The concurrent_unordered_map class is an associative data structure that provides an effective key-value storage. Concurrent member functions call on the same instance of concurrent_unordered_map do not introduce data races.

key_type satisfies Cpp17MoveConstructible requirements.

mapped_type satisfies Cpp17MoveConstructible requirements.

Unless specified otherwise all the member functions of concurrent_unordered_map have the following additional requirements, and remarks:

Requires: Concurrent member function invocations for the same instance of Hash, Pred, and Allocator do not introduce data races [Note: Safe to use same instance of Hash, Pred, or Allocator concurrently. - end note].
Concurrent invocations for different instances of Key and T do not introduce data races for the following functions: all the constructors (including default, move and copy constructors); copy and move assignments; destructor [Note: Safe to concurrently use different instances of Key, or T for copying, moving, etc. - end note].
Remarks: Call to member function does not introduce data races with other calls to the same or different member functions for the same or different instances of concurrent_unordered_map [Note: Is is safe to concurrently use the same instance of concurrent_unordered_map- end note].

Calls to functions of concurrent_unordered_map that successfully modify keys or values synchronize with calls to functions successfully reading the value or key of the same keys [Note: Modifications of the key or value in one thread are visible to the thread that reads (or modifies) the same key or value. - end note]

[Note: Implementations are encouraged to implment concurrent reads of the same key or value without contention. - end note]

Destructor call for the unordered_map_view referencing the instance of concurrent_unordered_map synchronize with calls to functions successfully reading the value or key of the same instance of concurrent_unordered_map [Note: Destructor of the unordered_map_view makes all the changes done through the instance of unordered_map_view visible to all the threads that use a concurrent_unordered_map.- end note].
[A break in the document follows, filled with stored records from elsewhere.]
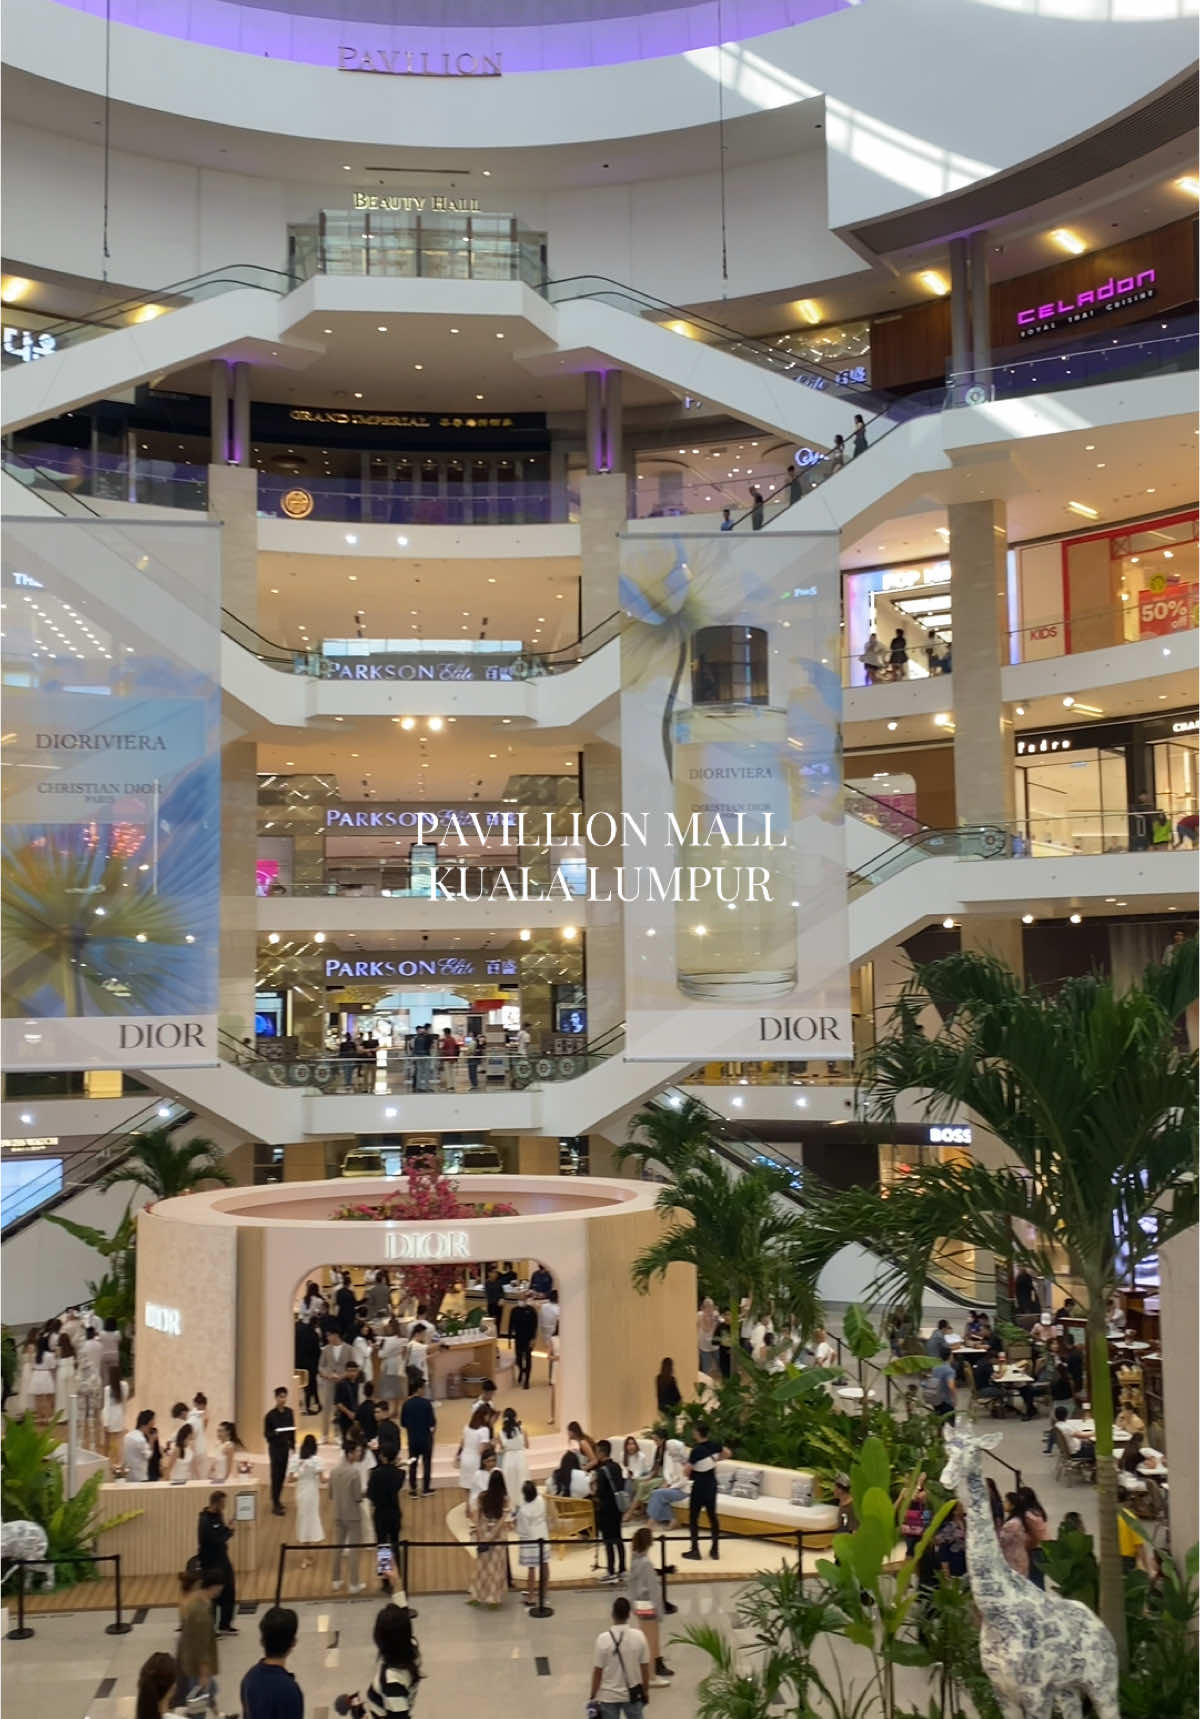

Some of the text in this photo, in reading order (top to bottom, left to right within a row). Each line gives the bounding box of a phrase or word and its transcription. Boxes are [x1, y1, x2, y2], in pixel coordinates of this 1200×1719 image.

[337, 46, 503, 76] PAVILION
[353, 192, 480, 212] BEAUTY HALL
[1141, 600, 1188, 623] 50%
[1030, 626, 1058, 641] KIDS
[328, 660, 434, 681] PARKSON
[36, 733, 168, 751] DIORIVIERA
[688, 766, 776, 780] DIORIVIERA
[37, 782, 121, 795] CHRISTIAN
[326, 809, 434, 827] PARKSON
[325, 959, 436, 977] PARKSON
[119, 1023, 207, 1048] DIOR
[759, 1016, 842, 1041] DIOR
[929, 1127, 972, 1144] BOSS
[385, 1230, 470, 1259] DIOR
[145, 1301, 182, 1337] DIOR
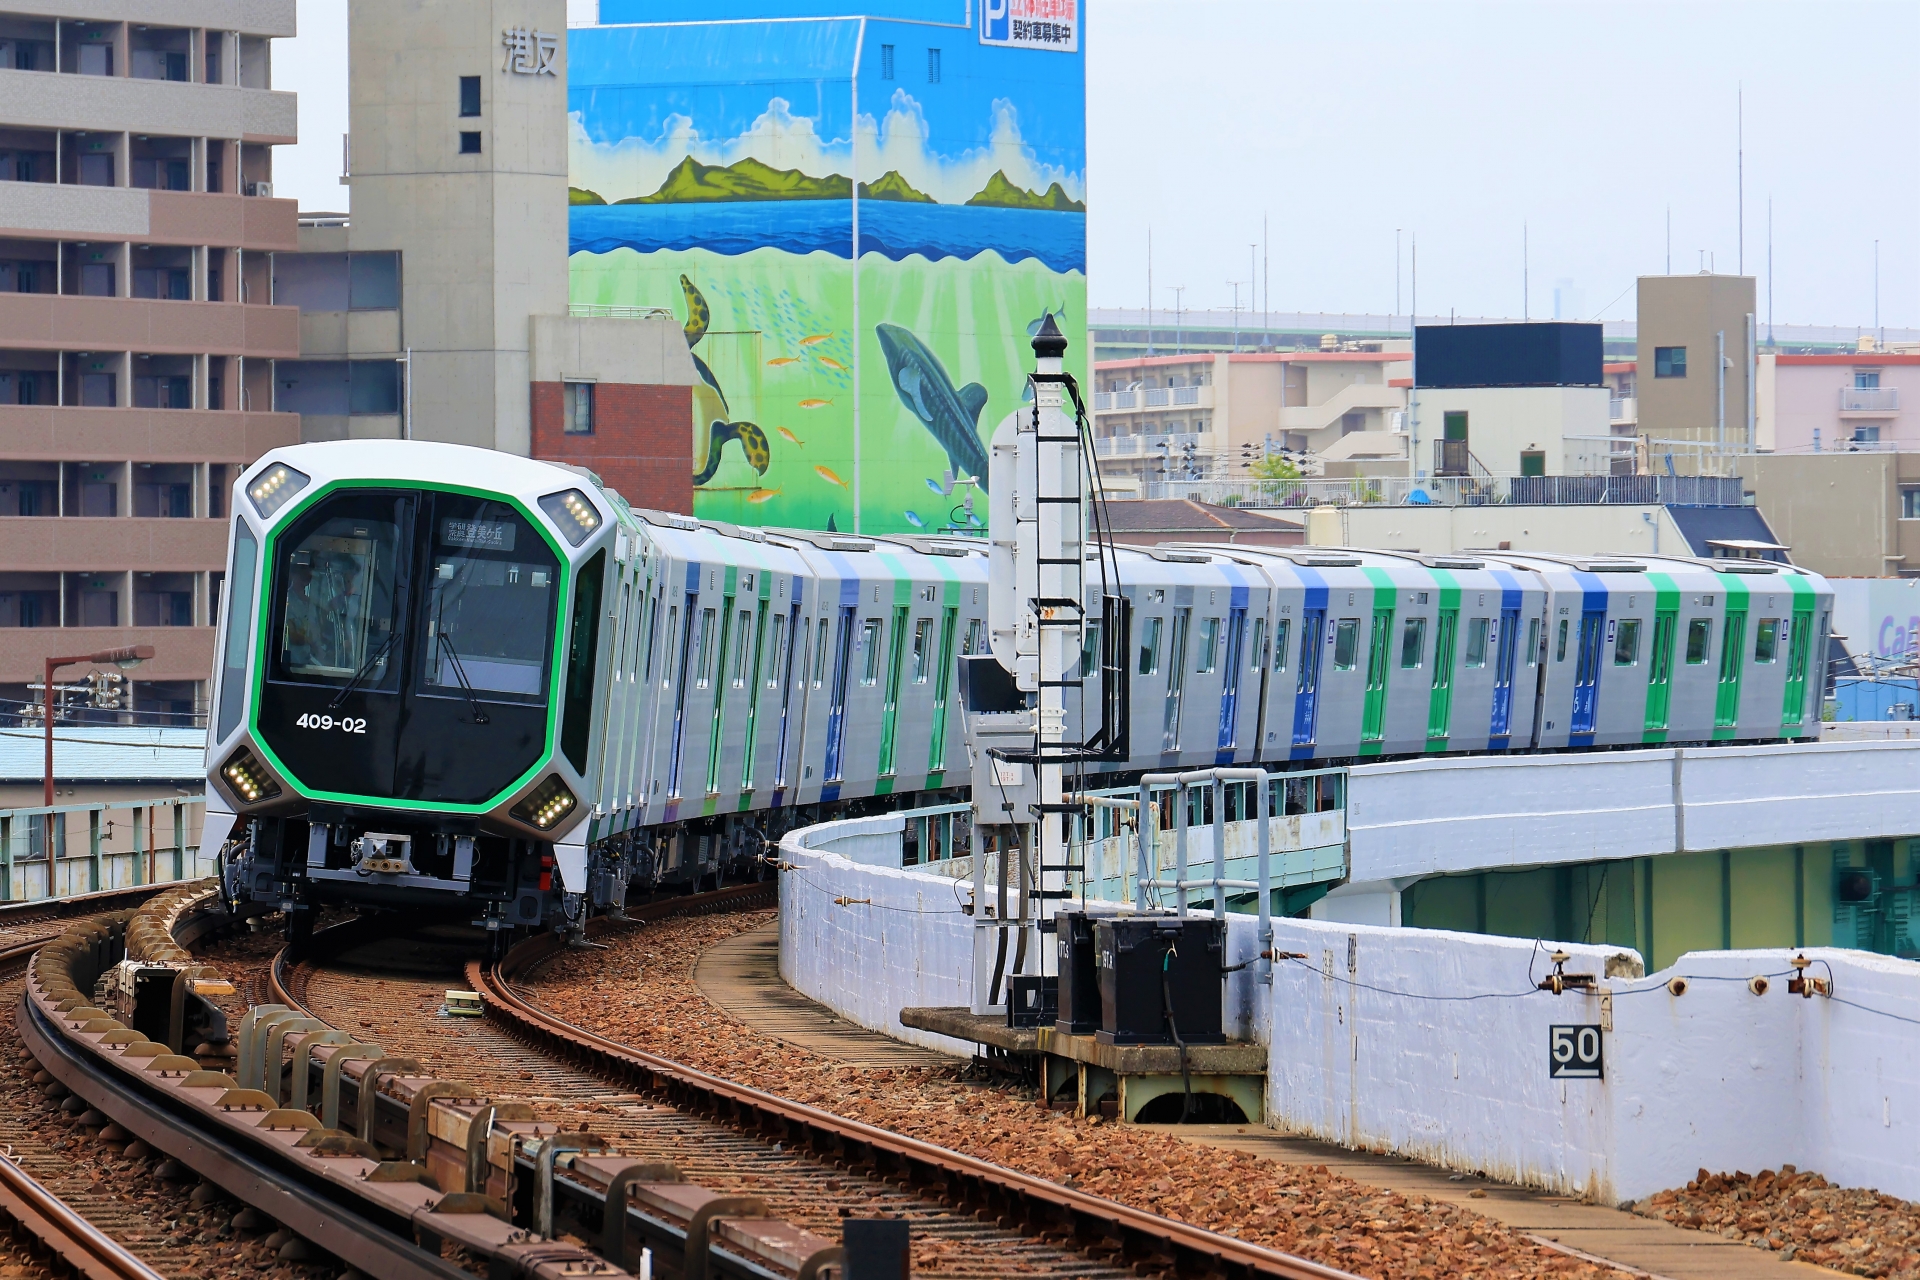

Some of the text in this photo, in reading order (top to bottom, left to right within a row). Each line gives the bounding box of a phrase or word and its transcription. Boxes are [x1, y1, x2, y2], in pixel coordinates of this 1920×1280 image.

[1012, 19, 1071, 44] 契約車募集中
[503, 25, 559, 76] 港友
[296, 713, 367, 734] 409-02
[1552, 1027, 1600, 1063] 50
???.2.1 concurrent_unordered_map construct/copy/assign/destroy

concurrent_unordered_map();
explicit concurrent_unordered_map(size_type n);
concurrent_unordered_map(size_type n, const Hash& hf,
                                  const key_equal& eql = key_equal(),
                                  const allocator_type& a = allocator_type());
template <typename InputIterator>
concurrent_unordered_map(InputIterator first, InputIterator last,
                         size_type n = implementation-defined,
                         const hasher& hf = hasher(),
                         const key_equal& eql = key_equal(),
                         const allocator_type& a = allocator_type());

concurrent_unordered_map(const Allocator&);
concurrent_unordered_map(initializer_list<value_type> il,
                         size_type n = implementation-defined,
                         const hasher& hf = hasher(),
                         const key_equal& eql = key_equal(),
                         const allocator_type& a = allocator_type());
Effects: Constructs concurrent_unordered_map with the analogous to the unoredered_map effects.
concurrent_unordered_map(concurrent_unordered_map&& other) noexcept;
concurrent_unordered_map(concurrent_unordered_map&& other, const Allocator&);
Effects: Constructs concurrent_unordered_map with the content of other, leaving other in valid but unspecified state.
Remarks: other before the constructor call may not be equal to *this after the constructor call only in case of concurrent access to the other.
concurrent_unordered_map& operator=(concurrent_unordered_map&& other) noexcept;
Effects: Assigns the content of other to *this, leaving other in valid but unspecified state.
Remarks: other before the operator call may not be equal to *this only in case of concurrent access to the other or concurrent access to *this.
concurrent_unordered_map& operator=(initializer_list<value_type>il);
Effects: Assigns the content of li to *this.
Remarks: li before the operator call may not be equal to *this only in case of concurrent access to *this.
~concurrent_unordered_map();
Remarks: Invocation of this function concurrently with other member functions of the same instance may introduce data races.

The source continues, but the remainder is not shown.